Activity — Return each line of the listing exactly, though without its images.

-- Opening Marker --

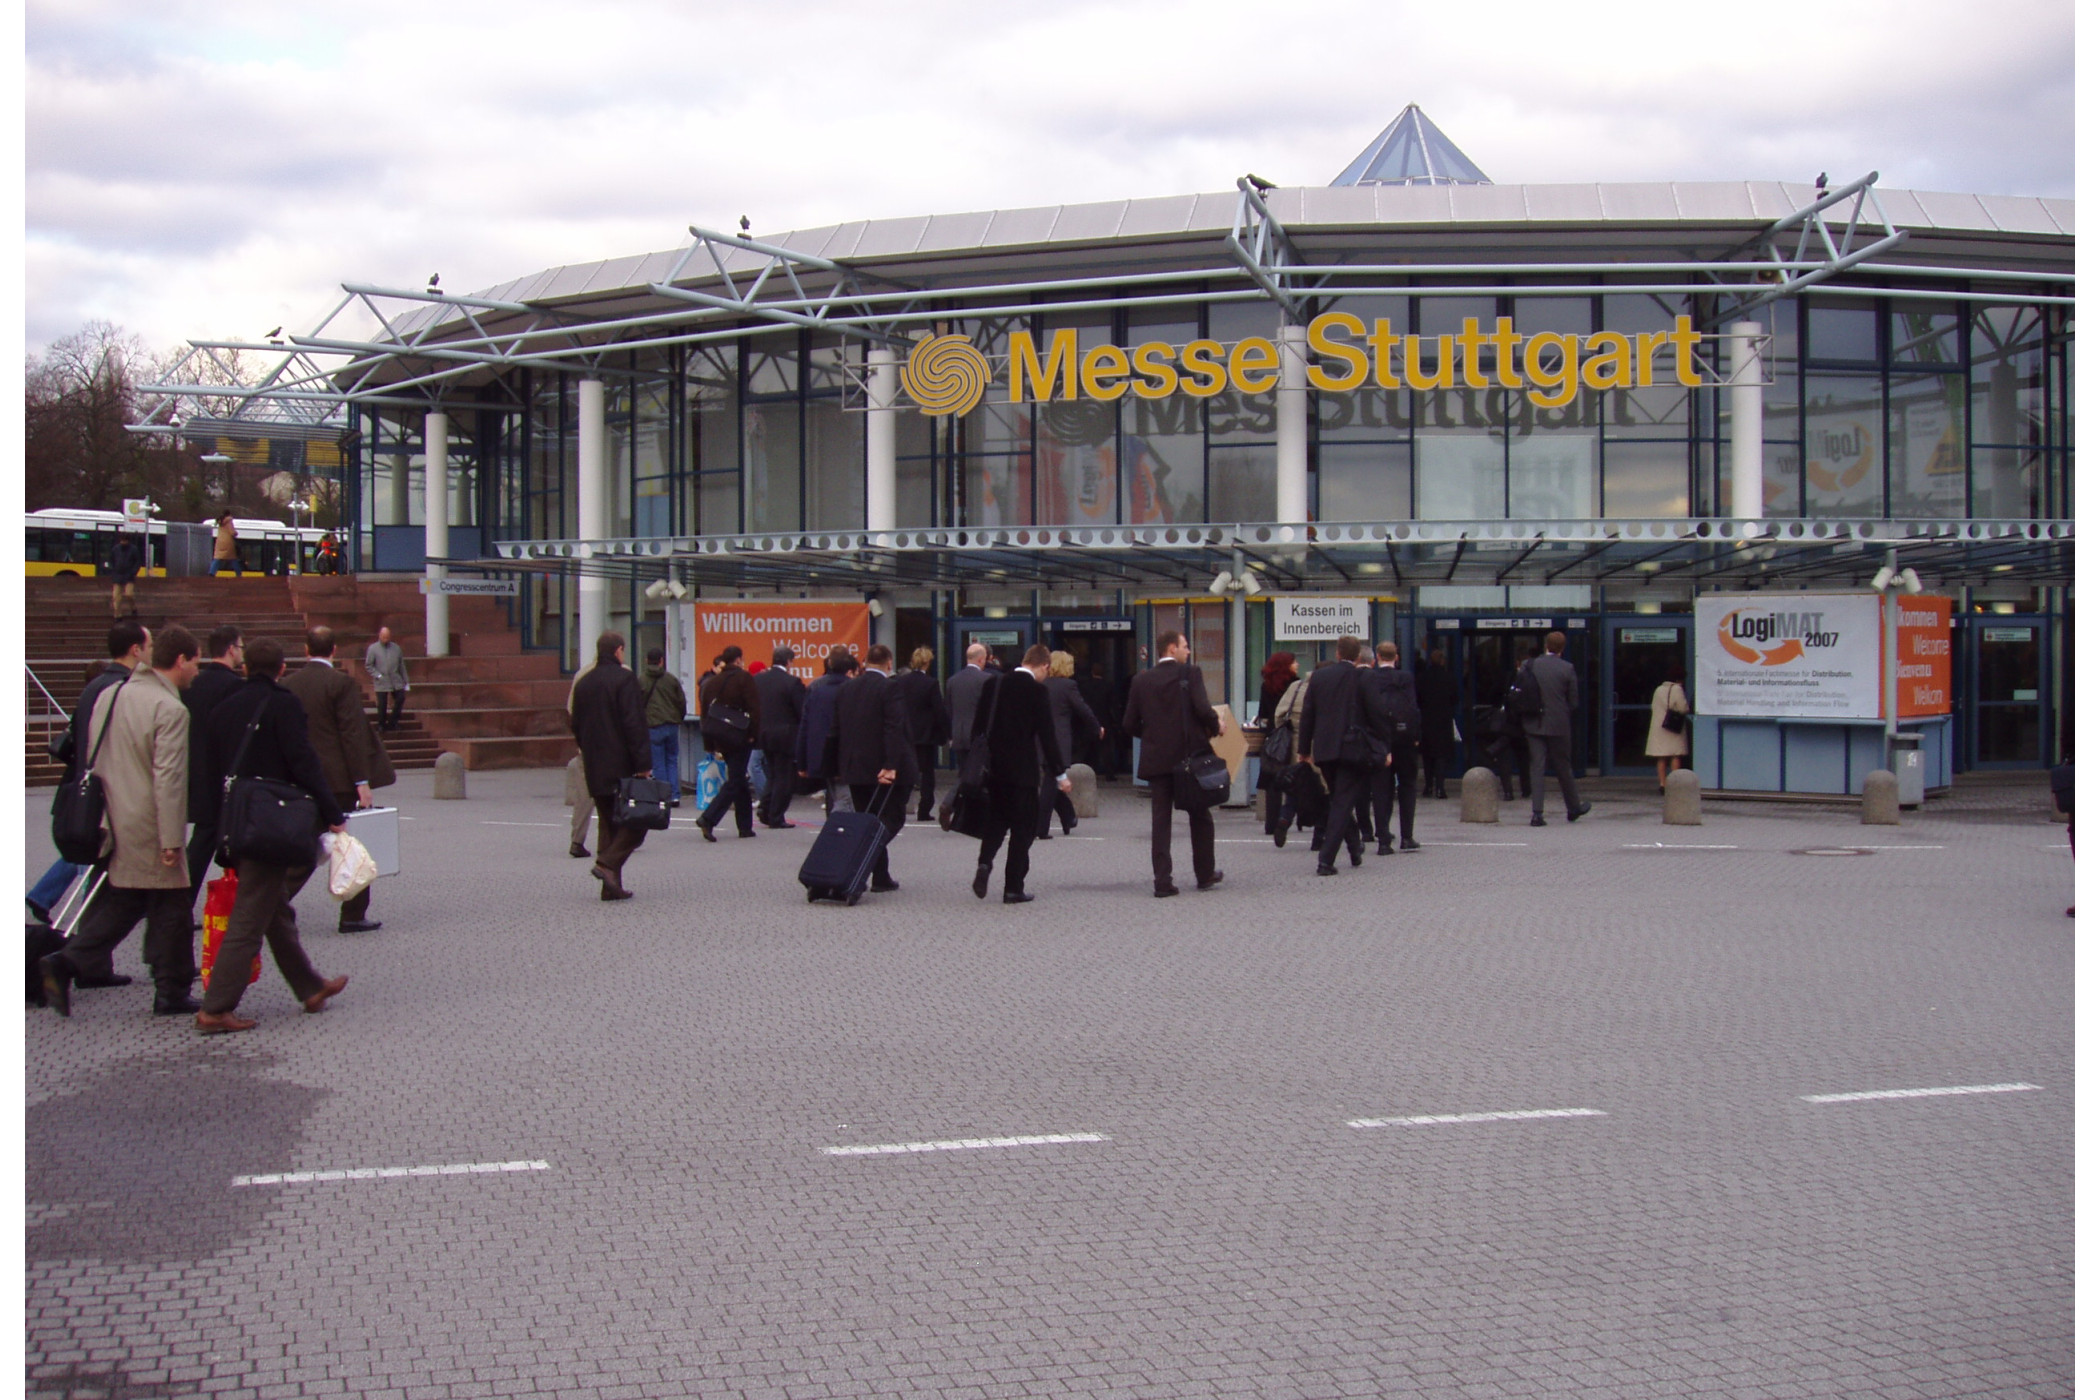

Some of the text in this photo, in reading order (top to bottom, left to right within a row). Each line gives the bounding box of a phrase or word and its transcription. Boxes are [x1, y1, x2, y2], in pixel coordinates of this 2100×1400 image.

[1008, 311, 1702, 408] Messe Stuttgart
[439, 581, 515, 592] Congresscentrum A
[1291, 604, 1353, 616] Kassen im
[701, 612, 833, 633] Willkommen
[1283, 622, 1361, 634] Innenbereich
[1732, 612, 1824, 642] LogiMAT
[1805, 632, 1839, 647] 2007
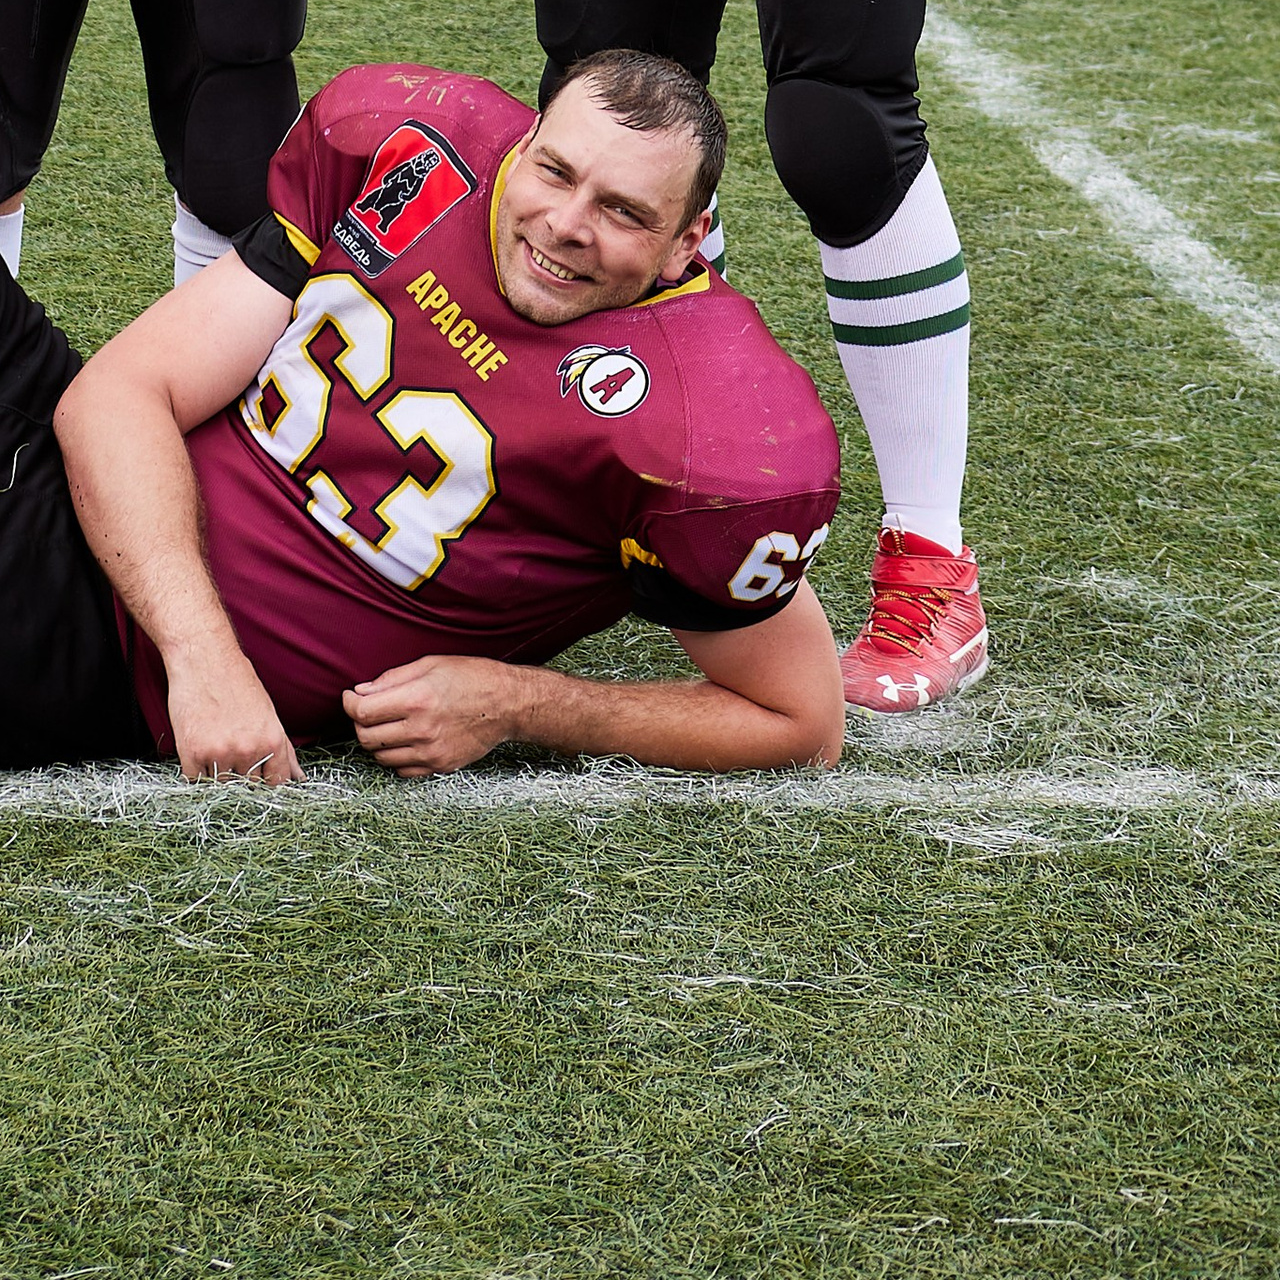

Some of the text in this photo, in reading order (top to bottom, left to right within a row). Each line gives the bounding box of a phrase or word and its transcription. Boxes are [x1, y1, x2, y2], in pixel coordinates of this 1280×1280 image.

[333, 221, 371, 267] ЕДВЕДЬ
[405, 269, 510, 382] APACHE
[589, 366, 636, 406] A
[229, 270, 500, 592] 63
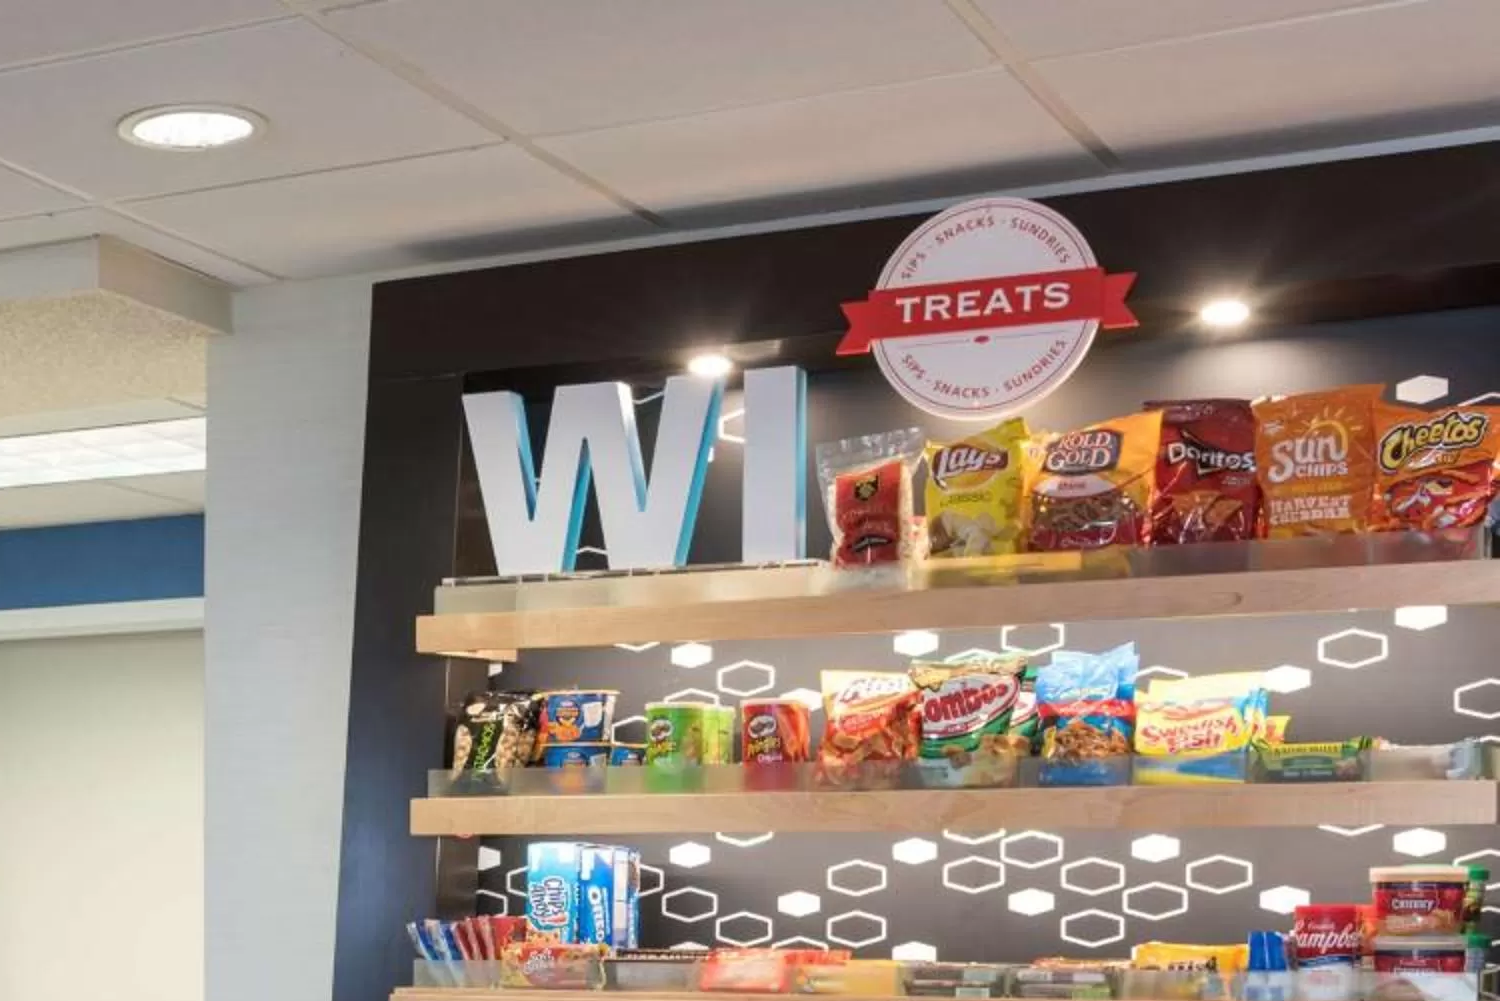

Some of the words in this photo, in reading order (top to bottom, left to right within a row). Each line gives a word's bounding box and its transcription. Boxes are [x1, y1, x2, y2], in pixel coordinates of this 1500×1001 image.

[901, 251, 926, 280] SIPS
[935, 215, 996, 246] SNACKS
[1009, 216, 1072, 265] SUNDRIES
[895, 281, 1072, 324] TREATS
[901, 353, 926, 380] SIPS
[932, 379, 991, 400] SNACKS
[1003, 339, 1068, 393] SUNDRIES
[1046, 448, 1111, 470] GOLD
[1167, 442, 1257, 473] Doritos
[1268, 432, 1349, 483] Sun
[1380, 412, 1485, 471] Cheetos
[1295, 461, 1349, 478] CHIPS

-- Closing Marker --

Problem solution —
Some of the text in this photo, in reading order (top to bottom, left to right within a row). Each line gives the bounding box of a phrase or word and its transcription. Boxes are [x1, y1, x2, y2], in pixel coordinates of this 2100×1400 image.

[1008, 311, 1702, 408] Messe Stuttgart
[439, 581, 515, 592] Congresscentrum A
[1291, 604, 1353, 616] Kassen im
[701, 612, 833, 633] Willkommen
[1283, 622, 1361, 634] Innenbereich
[1732, 612, 1824, 642] LogiMAT
[1805, 632, 1839, 647] 2007

Some of the text in this photo, in reading order (top to bottom, left to right within a row). Each line gives the bounding box of a phrase or word and its transcription. Boxes are [x1, y1, x2, y2], in pixel coordinates of this 1280×1280 image.

[333, 221, 371, 267] ЕДВЕДЬ
[405, 269, 510, 382] APACHE
[589, 366, 636, 406] A
[229, 270, 500, 592] 63

Some of the words in this photo, in reading order (top to bottom, left to right within a row). Each line gives a word's bounding box and its transcription. Boxes are [x1, y1, x2, y2], in pixel coordinates of this 1500×1001 image.

[901, 251, 926, 280] SIPS
[935, 215, 996, 246] SNACKS
[1009, 216, 1072, 265] SUNDRIES
[895, 281, 1072, 324] TREATS
[901, 353, 926, 380] SIPS
[932, 379, 991, 400] SNACKS
[1003, 339, 1068, 393] SUNDRIES
[1046, 448, 1111, 470] GOLD
[1167, 442, 1257, 473] Doritos
[1268, 432, 1349, 483] Sun
[1380, 412, 1485, 471] Cheetos
[1295, 461, 1349, 478] CHIPS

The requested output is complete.